> **YOUR TASK**: Skip all lines in the entries below that come before the one containing "this 960×1275 image.". Repeat that line and the rest exactly.

[DATASET ENTRIES]

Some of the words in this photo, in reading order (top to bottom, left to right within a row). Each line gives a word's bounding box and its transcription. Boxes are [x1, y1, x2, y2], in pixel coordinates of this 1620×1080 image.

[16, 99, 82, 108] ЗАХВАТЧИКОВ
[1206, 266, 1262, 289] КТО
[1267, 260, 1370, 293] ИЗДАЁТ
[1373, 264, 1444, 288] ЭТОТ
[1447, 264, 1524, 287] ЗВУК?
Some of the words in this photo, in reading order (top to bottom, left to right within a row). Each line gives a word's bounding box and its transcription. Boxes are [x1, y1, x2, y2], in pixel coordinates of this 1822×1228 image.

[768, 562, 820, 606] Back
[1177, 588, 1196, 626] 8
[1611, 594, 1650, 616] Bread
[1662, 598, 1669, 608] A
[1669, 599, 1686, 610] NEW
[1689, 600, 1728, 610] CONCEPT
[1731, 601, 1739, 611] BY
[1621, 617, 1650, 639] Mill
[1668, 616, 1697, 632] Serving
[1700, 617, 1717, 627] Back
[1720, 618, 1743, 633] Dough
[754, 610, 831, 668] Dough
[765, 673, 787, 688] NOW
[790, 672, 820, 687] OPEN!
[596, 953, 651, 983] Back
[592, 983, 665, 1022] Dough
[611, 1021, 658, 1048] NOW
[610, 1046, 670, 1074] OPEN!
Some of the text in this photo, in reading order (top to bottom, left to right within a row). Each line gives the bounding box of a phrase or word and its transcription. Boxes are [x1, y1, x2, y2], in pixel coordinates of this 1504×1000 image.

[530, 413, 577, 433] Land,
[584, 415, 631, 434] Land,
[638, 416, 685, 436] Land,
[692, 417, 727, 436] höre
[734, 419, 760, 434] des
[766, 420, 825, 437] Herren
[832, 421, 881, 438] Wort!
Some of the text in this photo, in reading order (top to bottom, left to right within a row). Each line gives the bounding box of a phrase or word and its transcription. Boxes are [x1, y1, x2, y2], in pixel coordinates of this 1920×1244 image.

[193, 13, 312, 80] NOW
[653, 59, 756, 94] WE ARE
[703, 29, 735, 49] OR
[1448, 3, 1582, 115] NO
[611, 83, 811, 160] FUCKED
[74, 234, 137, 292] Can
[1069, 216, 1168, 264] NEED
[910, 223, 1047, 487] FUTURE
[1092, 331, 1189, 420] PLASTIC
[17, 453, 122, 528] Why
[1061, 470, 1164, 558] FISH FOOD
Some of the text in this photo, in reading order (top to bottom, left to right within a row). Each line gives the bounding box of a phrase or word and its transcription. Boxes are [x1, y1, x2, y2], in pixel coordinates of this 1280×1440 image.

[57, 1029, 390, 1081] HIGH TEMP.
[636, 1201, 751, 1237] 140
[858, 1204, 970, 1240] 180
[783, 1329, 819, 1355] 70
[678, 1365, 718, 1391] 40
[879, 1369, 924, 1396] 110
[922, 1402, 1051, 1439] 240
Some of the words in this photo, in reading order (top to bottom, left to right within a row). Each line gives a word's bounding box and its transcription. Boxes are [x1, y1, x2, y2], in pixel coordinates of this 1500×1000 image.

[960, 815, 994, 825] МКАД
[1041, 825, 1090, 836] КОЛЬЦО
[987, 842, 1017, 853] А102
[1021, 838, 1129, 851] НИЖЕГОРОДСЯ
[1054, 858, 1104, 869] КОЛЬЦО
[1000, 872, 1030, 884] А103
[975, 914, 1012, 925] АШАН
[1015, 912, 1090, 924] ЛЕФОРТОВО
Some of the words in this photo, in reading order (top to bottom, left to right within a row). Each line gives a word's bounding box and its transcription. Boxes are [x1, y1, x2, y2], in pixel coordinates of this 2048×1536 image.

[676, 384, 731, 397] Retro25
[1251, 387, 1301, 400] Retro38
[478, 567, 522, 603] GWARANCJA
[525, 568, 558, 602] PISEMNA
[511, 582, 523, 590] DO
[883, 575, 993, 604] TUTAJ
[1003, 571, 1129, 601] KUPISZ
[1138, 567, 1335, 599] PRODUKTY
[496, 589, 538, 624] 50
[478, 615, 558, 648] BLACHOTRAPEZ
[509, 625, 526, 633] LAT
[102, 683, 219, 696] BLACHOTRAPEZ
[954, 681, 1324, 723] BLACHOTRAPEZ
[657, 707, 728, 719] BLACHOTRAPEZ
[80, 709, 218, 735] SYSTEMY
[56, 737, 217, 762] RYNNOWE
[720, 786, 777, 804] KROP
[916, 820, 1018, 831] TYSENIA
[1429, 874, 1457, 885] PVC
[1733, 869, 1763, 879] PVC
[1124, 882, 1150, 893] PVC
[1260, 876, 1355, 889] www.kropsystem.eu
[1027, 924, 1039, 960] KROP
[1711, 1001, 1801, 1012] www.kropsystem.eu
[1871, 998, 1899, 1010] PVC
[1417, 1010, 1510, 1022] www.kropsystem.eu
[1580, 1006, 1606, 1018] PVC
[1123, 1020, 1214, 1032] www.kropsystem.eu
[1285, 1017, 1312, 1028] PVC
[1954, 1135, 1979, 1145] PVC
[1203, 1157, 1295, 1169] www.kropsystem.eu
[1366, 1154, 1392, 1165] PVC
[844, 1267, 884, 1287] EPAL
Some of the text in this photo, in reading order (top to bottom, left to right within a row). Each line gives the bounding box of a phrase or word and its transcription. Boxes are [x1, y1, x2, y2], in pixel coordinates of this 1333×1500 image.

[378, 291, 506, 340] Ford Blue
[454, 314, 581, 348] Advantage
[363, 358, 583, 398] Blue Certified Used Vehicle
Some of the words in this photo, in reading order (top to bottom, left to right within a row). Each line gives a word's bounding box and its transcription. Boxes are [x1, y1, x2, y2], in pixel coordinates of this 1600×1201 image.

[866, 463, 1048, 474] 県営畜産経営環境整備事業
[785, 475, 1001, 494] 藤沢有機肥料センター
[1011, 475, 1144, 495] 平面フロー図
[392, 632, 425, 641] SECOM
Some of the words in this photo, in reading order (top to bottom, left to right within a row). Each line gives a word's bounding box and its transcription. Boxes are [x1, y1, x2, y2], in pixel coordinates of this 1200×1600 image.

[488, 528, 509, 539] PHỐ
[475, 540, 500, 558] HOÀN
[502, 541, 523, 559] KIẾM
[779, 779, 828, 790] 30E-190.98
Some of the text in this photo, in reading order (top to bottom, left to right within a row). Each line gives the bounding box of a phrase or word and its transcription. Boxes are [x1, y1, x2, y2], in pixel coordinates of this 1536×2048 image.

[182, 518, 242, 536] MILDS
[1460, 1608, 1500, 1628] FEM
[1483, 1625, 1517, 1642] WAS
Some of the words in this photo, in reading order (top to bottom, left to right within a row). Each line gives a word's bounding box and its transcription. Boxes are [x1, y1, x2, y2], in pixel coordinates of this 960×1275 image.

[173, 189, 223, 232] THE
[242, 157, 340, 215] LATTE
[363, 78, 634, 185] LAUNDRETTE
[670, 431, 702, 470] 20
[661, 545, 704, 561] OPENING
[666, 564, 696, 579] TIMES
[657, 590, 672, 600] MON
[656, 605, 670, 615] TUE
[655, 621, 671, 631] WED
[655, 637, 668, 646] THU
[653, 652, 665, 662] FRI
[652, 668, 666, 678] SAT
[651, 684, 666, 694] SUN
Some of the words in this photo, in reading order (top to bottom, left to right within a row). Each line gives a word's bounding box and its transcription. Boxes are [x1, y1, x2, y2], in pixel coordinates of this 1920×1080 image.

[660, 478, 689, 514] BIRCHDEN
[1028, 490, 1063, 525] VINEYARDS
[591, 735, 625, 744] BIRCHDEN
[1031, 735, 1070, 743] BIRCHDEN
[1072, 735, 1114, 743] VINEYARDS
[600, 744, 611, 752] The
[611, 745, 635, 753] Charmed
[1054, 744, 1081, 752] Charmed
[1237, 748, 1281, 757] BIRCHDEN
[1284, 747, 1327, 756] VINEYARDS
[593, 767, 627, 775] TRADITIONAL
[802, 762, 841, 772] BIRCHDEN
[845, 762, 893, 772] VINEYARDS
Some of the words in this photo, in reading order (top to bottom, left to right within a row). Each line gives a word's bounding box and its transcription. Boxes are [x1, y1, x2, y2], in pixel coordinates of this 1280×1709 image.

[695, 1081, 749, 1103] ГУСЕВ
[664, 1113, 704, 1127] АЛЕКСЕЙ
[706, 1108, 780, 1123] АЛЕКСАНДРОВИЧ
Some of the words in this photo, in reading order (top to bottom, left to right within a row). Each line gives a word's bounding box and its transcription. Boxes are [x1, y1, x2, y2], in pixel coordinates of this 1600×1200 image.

[/DATASET ENTRIES]

> **OUTPUT OF THE TASK**:
Some of the words in this photo, in reading order (top to bottom, left to right within a row). Each line gives a word's bounding box and its transcription. Boxes are [x1, y1, x2, y2], in pixel coordinates of this 960×1275 image.

[173, 189, 223, 232] THE
[242, 157, 340, 215] LATTE
[363, 78, 634, 185] LAUNDRETTE
[670, 431, 702, 470] 20
[661, 545, 704, 561] OPENING
[666, 564, 696, 579] TIMES
[657, 590, 672, 600] MON
[656, 605, 670, 615] TUE
[655, 621, 671, 631] WED
[655, 637, 668, 646] THU
[653, 652, 665, 662] FRI
[652, 668, 666, 678] SAT
[651, 684, 666, 694] SUN
Some of the words in this photo, in reading order (top to bottom, left to right within a row). Each line gives a word's bounding box and its transcription. Boxes are [x1, y1, x2, y2], in pixel coordinates of this 1920×1080 image.

[660, 478, 689, 514] BIRCHDEN
[1028, 490, 1063, 525] VINEYARDS
[591, 735, 625, 744] BIRCHDEN
[1031, 735, 1070, 743] BIRCHDEN
[1072, 735, 1114, 743] VINEYARDS
[600, 744, 611, 752] The
[611, 745, 635, 753] Charmed
[1054, 744, 1081, 752] Charmed
[1237, 748, 1281, 757] BIRCHDEN
[1284, 747, 1327, 756] VINEYARDS
[593, 767, 627, 775] TRADITIONAL
[802, 762, 841, 772] BIRCHDEN
[845, 762, 893, 772] VINEYARDS
Some of the words in this photo, in reading order (top to bottom, left to right within a row). Each line gives a word's bounding box and its transcription. Boxes are [x1, y1, x2, y2], in pixel coordinates of this 1280×1709 image.

[695, 1081, 749, 1103] ГУСЕВ
[664, 1113, 704, 1127] АЛЕКСЕЙ
[706, 1108, 780, 1123] АЛЕКСАНДРОВИЧ
Some of the words in this photo, in reading order (top to bottom, left to right within a row). Each line gives a word's bounding box and its transcription. Boxes are [x1, y1, x2, y2], in pixel coordinates of this 1600×1200 image.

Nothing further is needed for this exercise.